** Opening INFORMATION SHOWN block **
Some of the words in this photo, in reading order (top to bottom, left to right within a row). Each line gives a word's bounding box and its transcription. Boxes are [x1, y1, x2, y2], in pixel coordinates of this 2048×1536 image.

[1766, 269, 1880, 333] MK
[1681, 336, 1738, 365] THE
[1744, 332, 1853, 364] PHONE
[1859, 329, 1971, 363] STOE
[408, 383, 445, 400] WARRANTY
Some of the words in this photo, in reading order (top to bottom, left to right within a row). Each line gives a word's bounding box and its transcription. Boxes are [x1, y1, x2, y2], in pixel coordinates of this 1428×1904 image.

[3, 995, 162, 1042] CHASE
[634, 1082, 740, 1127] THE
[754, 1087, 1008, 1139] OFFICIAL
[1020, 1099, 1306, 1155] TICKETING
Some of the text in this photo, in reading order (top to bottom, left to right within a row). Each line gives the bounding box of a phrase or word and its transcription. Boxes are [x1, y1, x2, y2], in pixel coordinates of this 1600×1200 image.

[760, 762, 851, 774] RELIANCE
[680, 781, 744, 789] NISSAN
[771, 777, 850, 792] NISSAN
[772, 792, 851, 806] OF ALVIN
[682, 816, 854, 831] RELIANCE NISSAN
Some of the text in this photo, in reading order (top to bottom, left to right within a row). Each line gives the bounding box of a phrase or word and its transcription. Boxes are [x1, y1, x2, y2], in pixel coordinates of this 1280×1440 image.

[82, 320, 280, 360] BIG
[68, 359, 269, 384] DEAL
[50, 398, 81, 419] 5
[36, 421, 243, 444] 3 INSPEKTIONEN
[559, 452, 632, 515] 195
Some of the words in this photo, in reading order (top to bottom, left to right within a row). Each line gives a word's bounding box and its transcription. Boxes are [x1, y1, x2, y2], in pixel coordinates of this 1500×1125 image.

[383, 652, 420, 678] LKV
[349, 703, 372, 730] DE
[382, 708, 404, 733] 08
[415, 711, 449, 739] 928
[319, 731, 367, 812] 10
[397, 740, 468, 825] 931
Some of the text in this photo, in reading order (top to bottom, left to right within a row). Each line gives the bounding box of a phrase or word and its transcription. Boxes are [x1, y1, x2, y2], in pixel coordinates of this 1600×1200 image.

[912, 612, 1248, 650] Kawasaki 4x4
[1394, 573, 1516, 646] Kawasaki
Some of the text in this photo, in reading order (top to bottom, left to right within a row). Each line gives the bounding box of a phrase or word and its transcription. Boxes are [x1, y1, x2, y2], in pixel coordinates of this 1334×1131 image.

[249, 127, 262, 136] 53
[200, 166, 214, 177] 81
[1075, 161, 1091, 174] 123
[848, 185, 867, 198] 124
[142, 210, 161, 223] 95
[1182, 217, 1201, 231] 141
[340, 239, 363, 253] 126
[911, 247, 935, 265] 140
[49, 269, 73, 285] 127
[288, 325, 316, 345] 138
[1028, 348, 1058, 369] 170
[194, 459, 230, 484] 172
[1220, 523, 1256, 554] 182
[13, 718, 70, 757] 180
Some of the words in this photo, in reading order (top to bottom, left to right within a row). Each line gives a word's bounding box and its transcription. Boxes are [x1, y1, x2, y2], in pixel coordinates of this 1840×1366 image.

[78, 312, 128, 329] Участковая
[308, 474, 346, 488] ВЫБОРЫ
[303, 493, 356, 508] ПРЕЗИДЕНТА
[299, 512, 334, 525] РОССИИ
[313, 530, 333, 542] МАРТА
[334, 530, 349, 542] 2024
** Closing INFORMATION SHOWN block **
▶ [TASK STATEMENT] Restate each entry exactly, skipping none.

▶ [SOLUTION TO THE PROBLEM]
Some of the words in this photo, in reading order (top to bottom, left to right within a row). Each line gives a word's bounding box and its transcription. Boxes are [x1, y1, x2, y2], in pixel coordinates of this 2048×1536 image.

[1766, 269, 1880, 333] MK
[1681, 336, 1738, 365] THE
[1744, 332, 1853, 364] PHONE
[1859, 329, 1971, 363] STOE
[408, 383, 445, 400] WARRANTY
Some of the words in this photo, in reading order (top to bottom, left to right within a row). Each line gives a word's bounding box and its transcription. Boxes are [x1, y1, x2, y2], in pixel coordinates of this 1428×1904 image.

[3, 995, 162, 1042] CHASE
[634, 1082, 740, 1127] THE
[754, 1087, 1008, 1139] OFFICIAL
[1020, 1099, 1306, 1155] TICKETING
Some of the text in this photo, in reading order (top to bottom, left to right within a row). Each line gives the bounding box of a phrase or word and its transcription. Boxes are [x1, y1, x2, y2], in pixel coordinates of this 1600×1200 image.

[760, 762, 851, 774] RELIANCE
[680, 781, 744, 789] NISSAN
[771, 777, 850, 792] NISSAN
[772, 792, 851, 806] OF ALVIN
[682, 816, 854, 831] RELIANCE NISSAN
Some of the text in this photo, in reading order (top to bottom, left to right within a row). Each line gives the bounding box of a phrase or word and its transcription. Boxes are [x1, y1, x2, y2], in pixel coordinates of this 1280×1440 image.

[82, 320, 280, 360] BIG
[68, 359, 269, 384] DEAL
[50, 398, 81, 419] 5
[36, 421, 243, 444] 3 INSPEKTIONEN
[559, 452, 632, 515] 195
Some of the words in this photo, in reading order (top to bottom, left to right within a row). Each line gives a word's bounding box and its transcription. Boxes are [x1, y1, x2, y2], in pixel coordinates of this 1500×1125 image.

[383, 652, 420, 678] LKV
[349, 703, 372, 730] DE
[382, 708, 404, 733] 08
[415, 711, 449, 739] 928
[319, 731, 367, 812] 10
[397, 740, 468, 825] 931
Some of the text in this photo, in reading order (top to bottom, left to right within a row). Each line gives the bounding box of a phrase or word and its transcription. Boxes are [x1, y1, x2, y2], in pixel coordinates of this 1600×1200 image.

[912, 612, 1248, 650] Kawasaki 4x4
[1394, 573, 1516, 646] Kawasaki
Some of the text in this photo, in reading order (top to bottom, left to right within a row). Each line gives the bounding box of a phrase or word and its transcription. Boxes are [x1, y1, x2, y2], in pixel coordinates of this 1334×1131 image.

[249, 127, 262, 136] 53
[200, 166, 214, 177] 81
[1075, 161, 1091, 174] 123
[848, 185, 867, 198] 124
[142, 210, 161, 223] 95
[1182, 217, 1201, 231] 141
[340, 239, 363, 253] 126
[911, 247, 935, 265] 140
[49, 269, 73, 285] 127
[288, 325, 316, 345] 138
[1028, 348, 1058, 369] 170
[194, 459, 230, 484] 172
[1220, 523, 1256, 554] 182
[13, 718, 70, 757] 180
Some of the words in this photo, in reading order (top to bottom, left to right within a row). Each line gives a word's bounding box and its transcription. Boxes are [x1, y1, x2, y2], in pixel coordinates of this 1840×1366 image.

[78, 312, 128, 329] Участковая
[308, 474, 346, 488] ВЫБОРЫ
[303, 493, 356, 508] ПРЕЗИДЕНТА
[299, 512, 334, 525] РОССИИ
[313, 530, 333, 542] МАРТА
[334, 530, 349, 542] 2024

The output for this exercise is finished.